Prolific low-budget horror producer Jason Blum had a good year at the box office in 2013, with The Purge and Insidious: Chapter 2 performing well financially; even the less popular Keri Russell alien invasion thriller Dark Skies was able to turn a profit, thank to its relatively small cost. 2014 is already look bright for Blum, who has two Paranormal Activity movies, a sequel to The Purge and the board game spinoff Ouija arriving next year.
Insidious: Chapter 3 isn’t scheduled for release until 2015, but that hasn’t prevented Blum from looking ahead to what comes afterwards. In addition, the producer has confirmed that a found-footage installment in the Amityville Horror franchise still has a beating pulse, even though it’s been some two years since the project was indefinitely shelved.

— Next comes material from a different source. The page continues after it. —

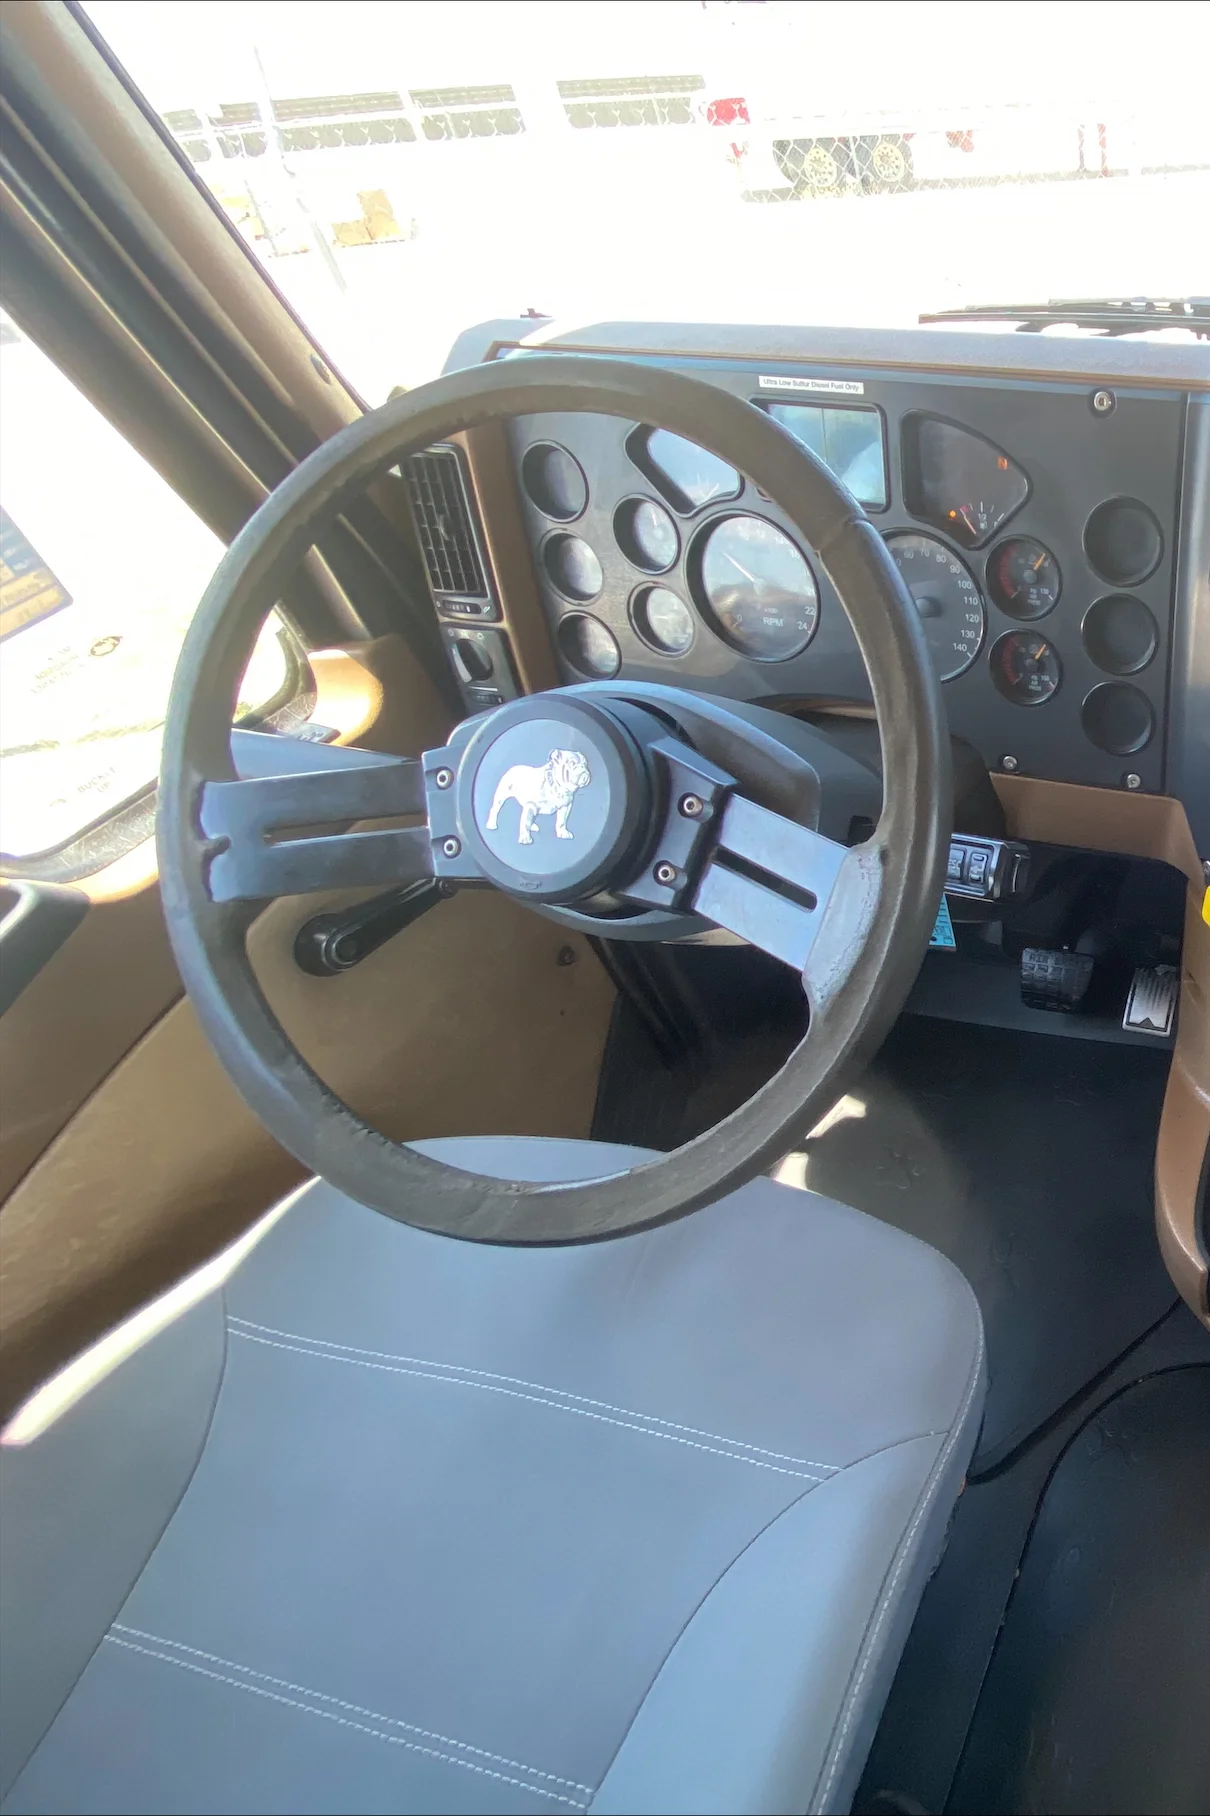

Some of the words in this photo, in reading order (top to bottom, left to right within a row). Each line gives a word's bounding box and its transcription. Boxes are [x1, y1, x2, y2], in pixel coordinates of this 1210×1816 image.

Crave Online recently interviewed Blum, with the discussion ranging from general topics like how the producer approaches sequels (“[It] has to be new enough [but] not so different that they feel like, ‘Why is this a sequel?…’”) to his preferred artistic mode of operation (“I’m a big believer in creating parameters for creativity”) and more specific issues, such as whether or not Blum feels that all of the Paranormal Activity sequels made to date have ‘worked’ (he said one didn’t – we’d bet it’s Paranormal Activity 4).

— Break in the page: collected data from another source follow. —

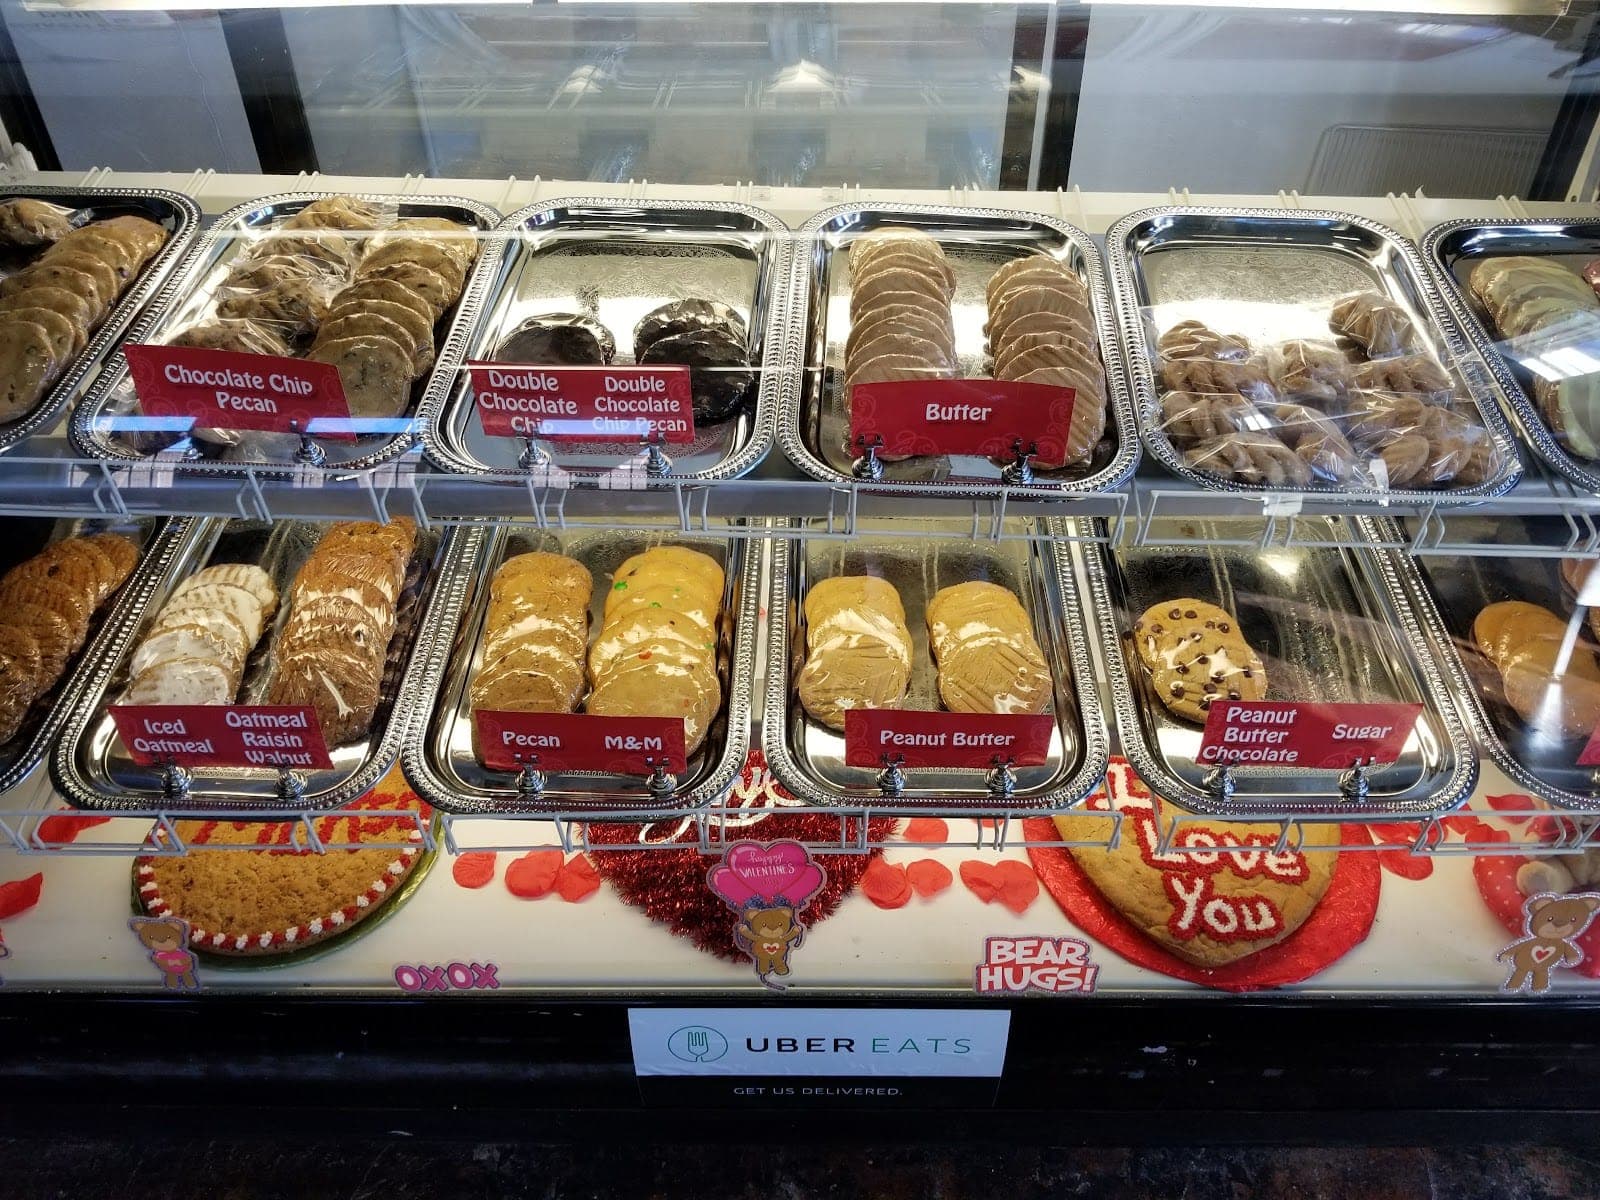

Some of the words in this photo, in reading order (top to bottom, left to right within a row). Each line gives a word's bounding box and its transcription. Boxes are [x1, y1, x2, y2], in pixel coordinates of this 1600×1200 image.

[163, 363, 265, 390] Chocolate
[268, 374, 313, 396] Chip
[488, 369, 560, 392] Double
[604, 376, 666, 393] Double
[215, 391, 278, 414] Pecan
[479, 391, 579, 416] Chocolate
[594, 396, 681, 413] Chocolate
[925, 403, 993, 421] Butter
[510, 416, 554, 434] Chip
[592, 416, 631, 432] Chip
[634, 417, 687, 433] Pecan
[225, 711, 308, 728] Oatmeal
[1226, 706, 1298, 724] Peanut
[143, 719, 187, 735] Iced
[1223, 727, 1289, 744] Butter
[1331, 723, 1393, 740] Sugar
[133, 738, 215, 754] Oatmeal
[242, 732, 303, 748] Raisin
[502, 731, 561, 748] Pecan
[604, 735, 662, 751] M&M
[880, 730, 947, 746] Peanut
[952, 732, 1016, 746] Butter
[245, 750, 313, 765] Walnut
[1202, 745, 1299, 762] Chocolate
[1167, 874, 1277, 933] You
[990, 940, 1086, 966] BEAR
[395, 962, 500, 992] OXOX
[980, 966, 1096, 992] HUGS!
[746, 1037, 856, 1053] UBER
[871, 1038, 972, 1054] EATS
[733, 1087, 766, 1095] GET
[772, 1087, 795, 1095] US
[802, 1087, 903, 1096] DELIVERED.

Eventually, the talk turned to the possibility of an Insidious TV spinoff down the line:
“I’d like to do that. I don’t think you can do that while we’re still making movies. Now Leigh [Whannel] is writing the third Insidious, so we have to see how far we can take the series of movies […] but I believe very strongly that once that kind of comes to a close you can do a series, and I think soon we’ll be in a place where you can have a series at the same time. Although right now people are too nervous to have that.”
Insidious does lend itself to a TV series format, more so now (SPOILERS) that the story of the haunting of the Lambert family has (for all intents and purposes) been concluded and the franchise will (seemingly…) henceforth follow the adventures of bumbling paranormal investigators Specs (Whannel) and Tucker (Angus Sampson), along with the friendly ghost of Elise (Lin Shaye). A TV spinoff might essentially amount to the Insidious version of The Real Ghostbusters animated series.
Blum’s previous attempts to export the found-footage cinema format to the small screen did not prove fruitful either creatively or financially, between the short-lived The River TV series and the decidedly mixed reception for the Syfy mini-series, Stranded (both of which rely on a variation of the Blumhouse staple do-it-yourself aesthetic).
He is currently developing a new horror/thriller series called Eye Candy, featuring a pilot directed by Catherine Hardwicke (Twilight). However, even if that show fails to takeoff, Blumhouse Productions might not need to tweak its ‘parameters’ for a potential Insidious TV spinoff (even one that involves brand-new characters), since the movies’ low-budget concept – which is not found-footage – doesn’t come with the same limitations.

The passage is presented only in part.